Within 90 days prior to the date of this report, the Company carried out an evaluation, under the supervision and with the participation of Company management, including the Company’s Chief Executive Officer and Chief Financial Officer, of the effectiveness of the design and operation of the Company’s disclosure controls and procedures pursuant to Securities Exchange Act Rule 13a-14. Based upon that evaluation, the Chief Executive Officer and Chief Financial Officer concluded that the Company’s disclosure controls and procedures are effective to ensure that information required to be disclosed by the Company in reports that it files or submits under the Securities Exchange Act of 1934 is recorded, processed, summarized and reported within the time periods specified in the Securities and Exchange Commission rules and forms. Disclosure controls and procedures means controls and other procedures of the Company that are designed to ensure that information required to be disclosed by the Company in the reports that it files or submits under the Act is recorded, processed, summarized and reported, within the time periods specified in the Commission's rules and forms. Disclosure controls and procedures include, without limitation, controls and procedures designed to ensure that information required to be disclosed by the Company in the reports that it files or submits under the Act is accumulated and communicated to the Company’s management, including its Chief Executive Officer and Chief Financial Officer, as appropriate to allow timely decisions regarding required disclosure. While the Company believes that its disclosure controls and procedures are effective, it intends to continue to examine, refine and formalize its disclosure controls and procedures and to monitor ongoing developments in this area.

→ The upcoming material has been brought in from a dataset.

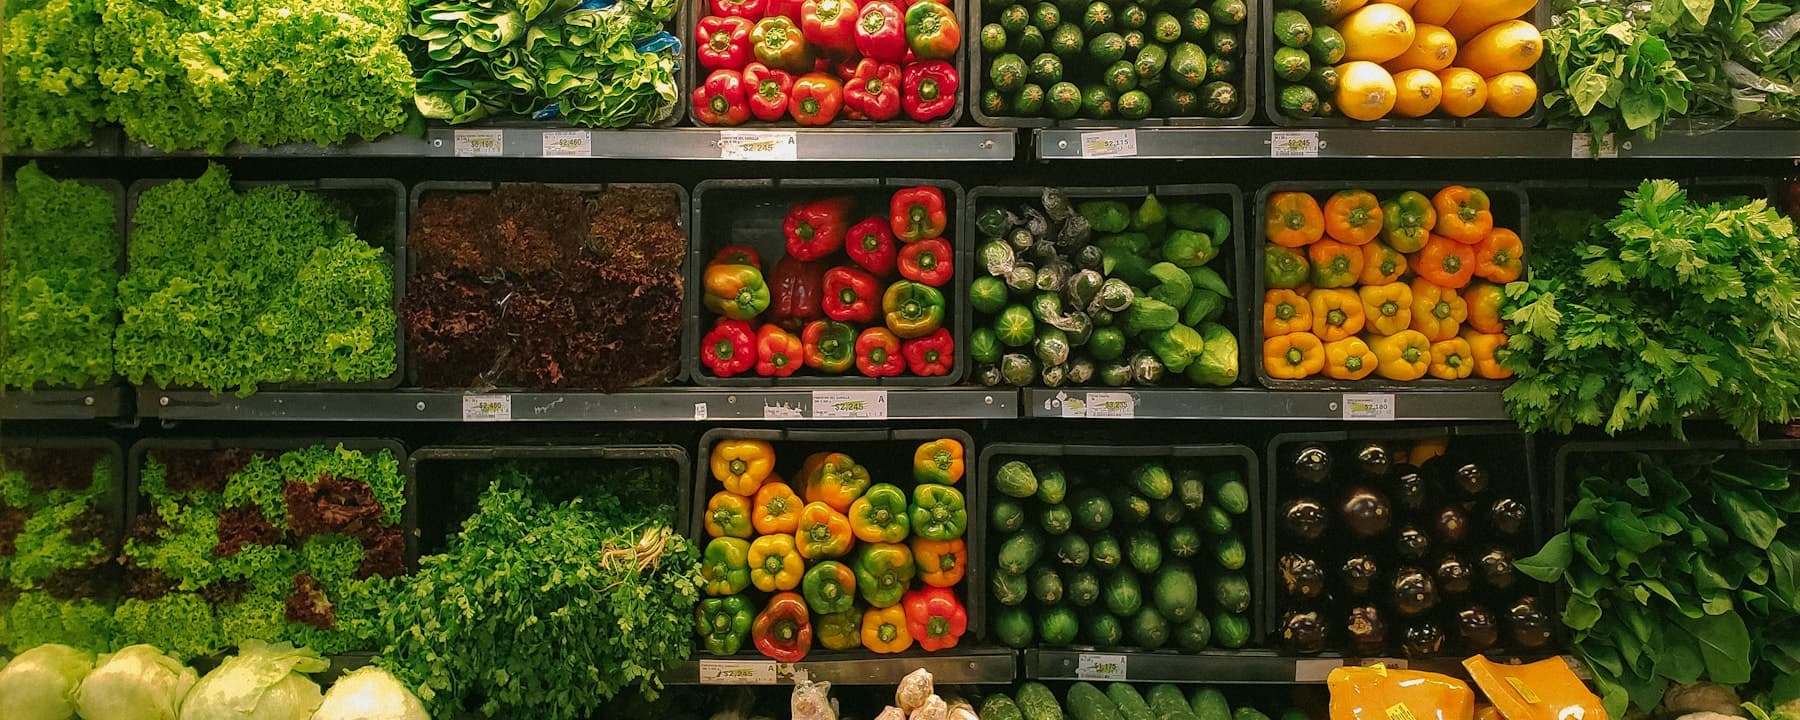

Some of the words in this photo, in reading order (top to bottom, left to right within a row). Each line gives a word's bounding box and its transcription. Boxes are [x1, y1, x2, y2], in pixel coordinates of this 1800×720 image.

[787, 136, 796, 144] A
[878, 395, 885, 403] A
[834, 402, 865, 412] $2,245
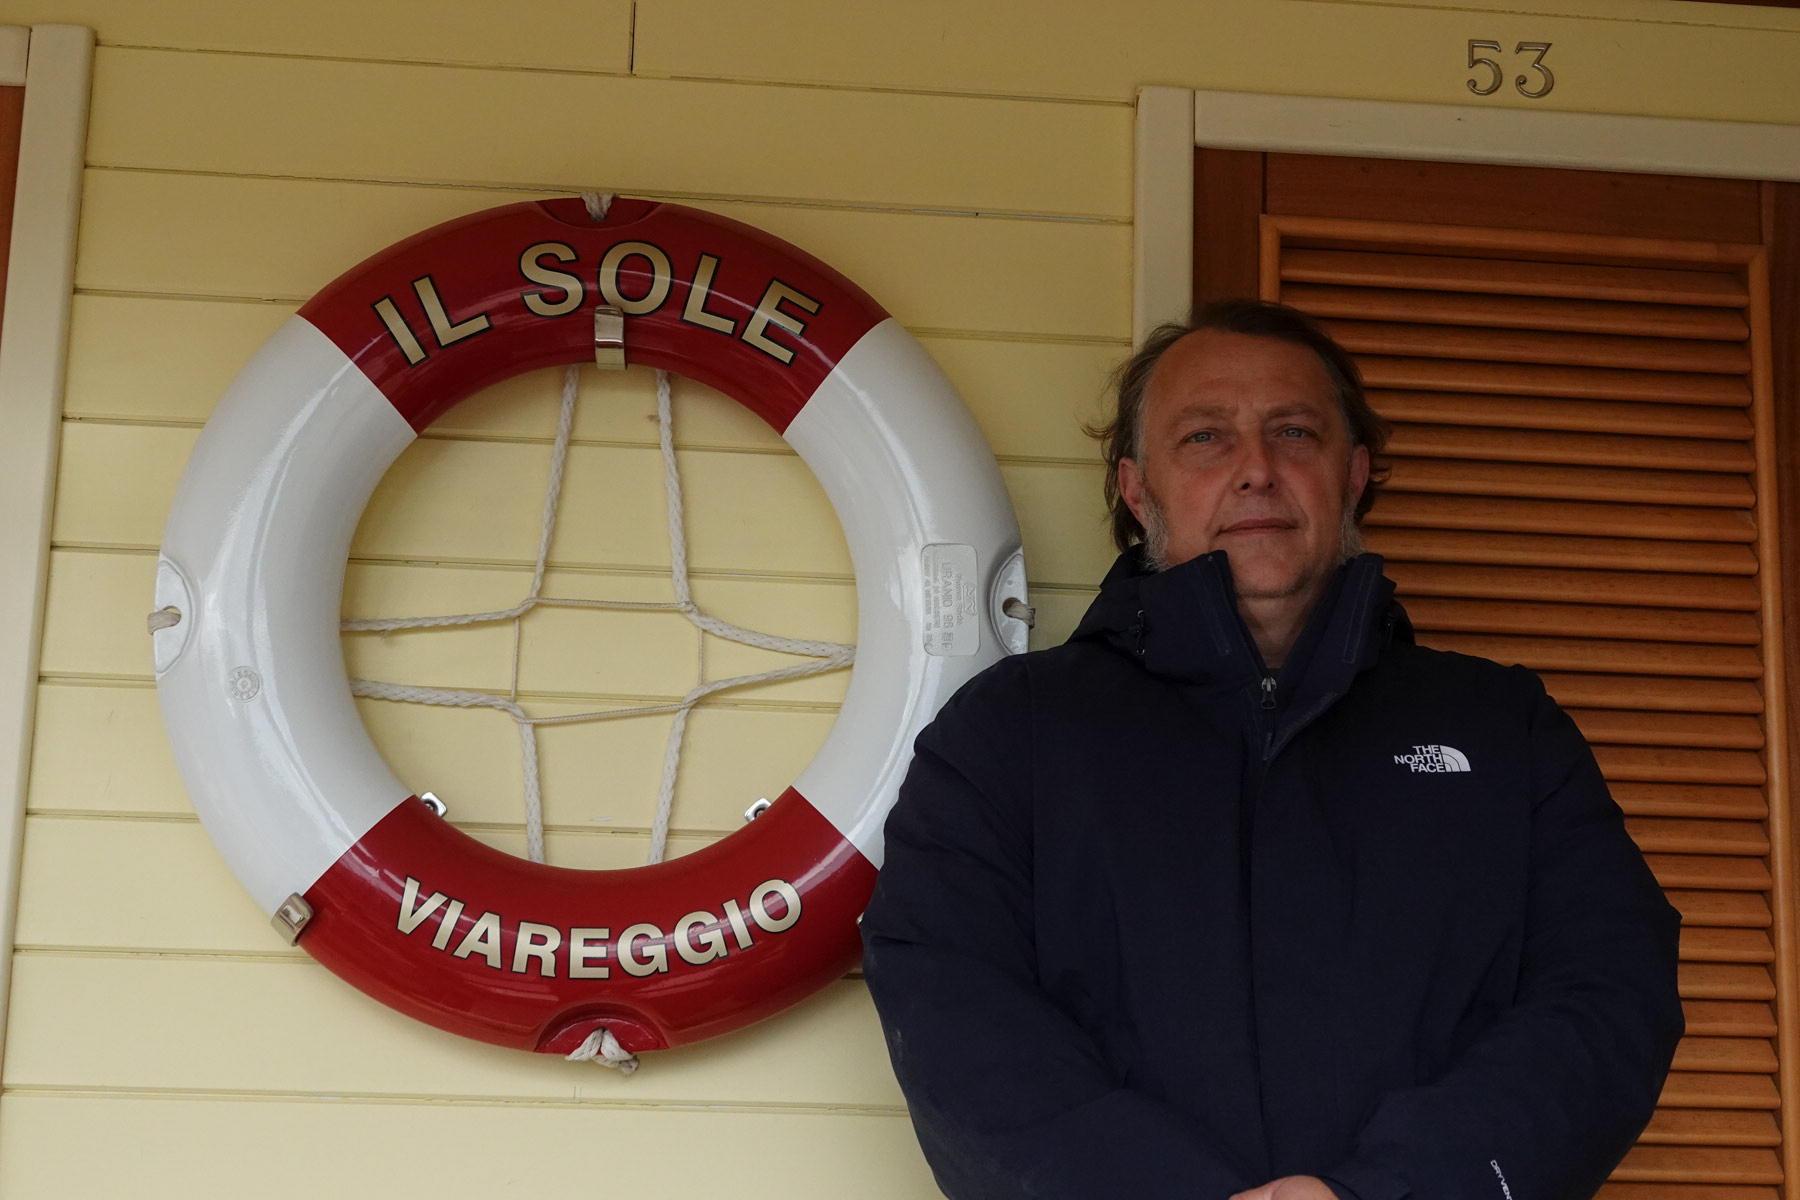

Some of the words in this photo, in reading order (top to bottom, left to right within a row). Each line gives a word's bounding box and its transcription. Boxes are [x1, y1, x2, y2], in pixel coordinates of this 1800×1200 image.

There have been no significant changes in the Company’s internal controls or in other factors that could significantly affect internal controls subsequent to the date the Company carried out this evaluation.

 

PART II. OTHER INFORMATION
Item 1. LEGAL PROCEEDINGS

 As previously reported, Paul G. Ahern and Bonnie R. McFee, both former executive officers and employees of BTI, resigned their positions in January 2002 and made demands for severance benefits under their employment agreements.

The disputes between the Company and both Mr. Ahern and Ms. McFee regarding their demands under their employment agreements have been submitted to separate binding arbitration proceedings in order to determine the rights of the parties. An independent arbitrator has found in favor of the Company and BTI with regard to all of Mr. Ahern’s claims. This decision of the arbitrator is binding and final. The arbitration proceeding regarding Ms. McFee’s claims under her employment agreement is scheduled for a final hearing beginning on January 15, 2003.

The Company previously reported that it appointed an independent committee of directors (the "Independent Committee") to investigate certain allegations and demands made by Mr. Ahern and Ms. McFee in connection with threatened legal action against the Company and BTI, including the possible initiation of shareholder derivative actions by Mr. Ahern and Ms. McFee. The Independent Committee has completed its investigation and reported its findings and recommendations to the Board of Directors at its regular meeting in October 2002. The Board of Directors accepted the report and believes that, based on the findings and recommendations of the Independent Committee, no material corrective or other actions are required at this time.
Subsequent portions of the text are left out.